Tuesday, 15 June 2010

The fallacy of cloned machine SIDs

(Inspired by Mark Russinovic’s Blog entry “The Machine SID Duplication Myth”)

On the 3rd November 2009, Sysinternals retired ‘NewSID’, a utility that changes a computers machine Security Identifier (machine SID), but why?

What is a SID?

A Security Identifier (commonly abbreviated to SID) is a unique name (an alphanumeric character string) which is assigned by a Windows Domain controller during the log on process that is used to identify a subject, such as a user or a group of users in a network of NT/2000 systems.

How are duplicate SIDs created?

For those who are unfamiliar with the concept, when machines are cloned using imaged systems the new machine will contain the same SID as the original.
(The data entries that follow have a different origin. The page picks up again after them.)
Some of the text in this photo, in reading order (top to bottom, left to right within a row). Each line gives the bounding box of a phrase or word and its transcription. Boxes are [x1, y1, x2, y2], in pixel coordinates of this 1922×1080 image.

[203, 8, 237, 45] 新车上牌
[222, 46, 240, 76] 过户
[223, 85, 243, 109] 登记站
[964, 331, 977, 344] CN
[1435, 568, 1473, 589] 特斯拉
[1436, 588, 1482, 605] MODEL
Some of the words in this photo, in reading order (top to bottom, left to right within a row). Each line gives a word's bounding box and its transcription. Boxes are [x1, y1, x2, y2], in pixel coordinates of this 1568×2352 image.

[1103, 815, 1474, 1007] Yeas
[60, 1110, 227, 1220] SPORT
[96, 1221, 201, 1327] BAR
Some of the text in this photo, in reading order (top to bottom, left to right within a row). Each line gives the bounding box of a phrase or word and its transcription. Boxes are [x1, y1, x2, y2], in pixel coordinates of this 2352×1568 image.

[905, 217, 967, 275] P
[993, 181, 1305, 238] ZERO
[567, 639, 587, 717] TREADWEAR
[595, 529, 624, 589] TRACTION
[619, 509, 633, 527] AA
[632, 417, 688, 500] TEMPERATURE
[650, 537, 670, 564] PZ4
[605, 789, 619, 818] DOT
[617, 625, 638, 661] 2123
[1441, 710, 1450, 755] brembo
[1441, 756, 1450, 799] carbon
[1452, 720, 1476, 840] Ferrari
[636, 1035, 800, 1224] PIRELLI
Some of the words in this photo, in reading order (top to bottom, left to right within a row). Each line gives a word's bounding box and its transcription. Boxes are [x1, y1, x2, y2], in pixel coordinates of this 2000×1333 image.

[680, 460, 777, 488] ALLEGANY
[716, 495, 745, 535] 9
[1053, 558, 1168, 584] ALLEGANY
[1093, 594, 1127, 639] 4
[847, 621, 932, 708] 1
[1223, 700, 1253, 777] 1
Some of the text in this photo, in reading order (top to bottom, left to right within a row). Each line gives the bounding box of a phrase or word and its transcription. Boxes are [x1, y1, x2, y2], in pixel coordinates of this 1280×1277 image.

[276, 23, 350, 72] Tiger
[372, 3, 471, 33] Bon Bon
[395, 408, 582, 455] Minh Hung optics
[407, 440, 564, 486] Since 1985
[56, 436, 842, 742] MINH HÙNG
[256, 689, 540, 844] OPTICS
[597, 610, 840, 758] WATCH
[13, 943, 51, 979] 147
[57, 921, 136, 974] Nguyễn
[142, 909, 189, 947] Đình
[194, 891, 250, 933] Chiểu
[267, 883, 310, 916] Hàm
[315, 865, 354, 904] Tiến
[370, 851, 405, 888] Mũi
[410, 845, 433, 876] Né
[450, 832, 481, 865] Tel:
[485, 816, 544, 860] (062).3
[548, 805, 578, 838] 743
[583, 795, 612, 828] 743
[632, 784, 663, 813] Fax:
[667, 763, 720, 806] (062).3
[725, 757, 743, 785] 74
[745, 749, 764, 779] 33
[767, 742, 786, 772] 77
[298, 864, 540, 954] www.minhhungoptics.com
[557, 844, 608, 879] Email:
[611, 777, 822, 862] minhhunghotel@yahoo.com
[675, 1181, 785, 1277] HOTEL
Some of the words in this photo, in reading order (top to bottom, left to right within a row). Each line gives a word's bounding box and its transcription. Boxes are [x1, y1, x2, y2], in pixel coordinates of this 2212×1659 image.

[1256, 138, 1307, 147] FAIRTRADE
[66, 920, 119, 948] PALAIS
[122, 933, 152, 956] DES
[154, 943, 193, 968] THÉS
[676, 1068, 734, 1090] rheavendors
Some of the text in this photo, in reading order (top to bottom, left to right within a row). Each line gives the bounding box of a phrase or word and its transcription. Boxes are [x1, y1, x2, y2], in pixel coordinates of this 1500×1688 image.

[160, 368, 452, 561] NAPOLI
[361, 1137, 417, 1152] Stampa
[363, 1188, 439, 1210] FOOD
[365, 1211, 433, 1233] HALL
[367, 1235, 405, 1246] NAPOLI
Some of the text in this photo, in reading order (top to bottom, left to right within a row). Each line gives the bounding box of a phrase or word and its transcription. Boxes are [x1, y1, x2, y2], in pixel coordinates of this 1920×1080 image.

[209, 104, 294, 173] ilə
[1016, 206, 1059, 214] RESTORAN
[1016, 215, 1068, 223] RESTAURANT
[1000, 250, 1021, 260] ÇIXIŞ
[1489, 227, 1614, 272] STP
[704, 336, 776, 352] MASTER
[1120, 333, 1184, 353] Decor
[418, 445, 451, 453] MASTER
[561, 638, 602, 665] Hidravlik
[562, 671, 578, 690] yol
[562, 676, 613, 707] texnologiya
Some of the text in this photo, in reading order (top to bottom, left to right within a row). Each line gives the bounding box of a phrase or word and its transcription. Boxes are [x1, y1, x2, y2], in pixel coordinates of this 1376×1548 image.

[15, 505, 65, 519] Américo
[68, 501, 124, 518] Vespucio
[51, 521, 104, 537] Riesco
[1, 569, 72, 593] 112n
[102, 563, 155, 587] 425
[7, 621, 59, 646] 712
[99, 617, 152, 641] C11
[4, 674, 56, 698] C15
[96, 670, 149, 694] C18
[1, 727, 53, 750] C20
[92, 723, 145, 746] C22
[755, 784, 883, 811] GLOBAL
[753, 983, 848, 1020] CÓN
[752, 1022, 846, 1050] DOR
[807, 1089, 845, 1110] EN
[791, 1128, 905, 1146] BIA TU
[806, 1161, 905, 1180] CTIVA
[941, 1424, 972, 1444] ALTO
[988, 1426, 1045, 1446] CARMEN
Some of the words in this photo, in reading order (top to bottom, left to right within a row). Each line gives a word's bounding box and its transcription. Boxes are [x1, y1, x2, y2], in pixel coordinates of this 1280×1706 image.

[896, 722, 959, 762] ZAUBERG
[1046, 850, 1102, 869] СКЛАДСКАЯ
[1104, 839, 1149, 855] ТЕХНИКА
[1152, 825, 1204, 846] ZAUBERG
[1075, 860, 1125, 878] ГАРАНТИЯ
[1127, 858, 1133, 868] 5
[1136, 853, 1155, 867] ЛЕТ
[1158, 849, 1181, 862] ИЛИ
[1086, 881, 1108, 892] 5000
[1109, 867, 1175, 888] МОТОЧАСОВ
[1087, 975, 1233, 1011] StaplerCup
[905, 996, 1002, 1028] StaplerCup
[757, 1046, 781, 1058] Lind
If two machines have the same machine SID, then accounts or groups on those systems might have the same SID.

Common sense in de-duplication?

As most IT professionals who work with virtual technologies will attest, when creating virtual machines from templates, conventional wisdom dictates that the new machine’s SID must be changed as the clone retains a facsimile of the parent’s. However, Mark Russinovic (Microsoft Fellow, OS Guru and creator of ‘NewSID’)and Microsoft have delved deeper into this idea and concluded that changing the SID of machines that contain facsimile entries is unnecessary. This came to light when Mark was investigating bugs with NewSID in windows Vista, he realised that he could not conceive of a scenario where duplicate SIDs could cause a security risk / vulnerability. Mark took this concept to Microsoft’s Windows security and deployment teams and no one could come up with a scenario where two systems with the same machine SID, whether in a Workgroup or a Domain, would cause an issue – further investigation by Microsoft is yet to find such a risk. Food for thought next time you clone a machine.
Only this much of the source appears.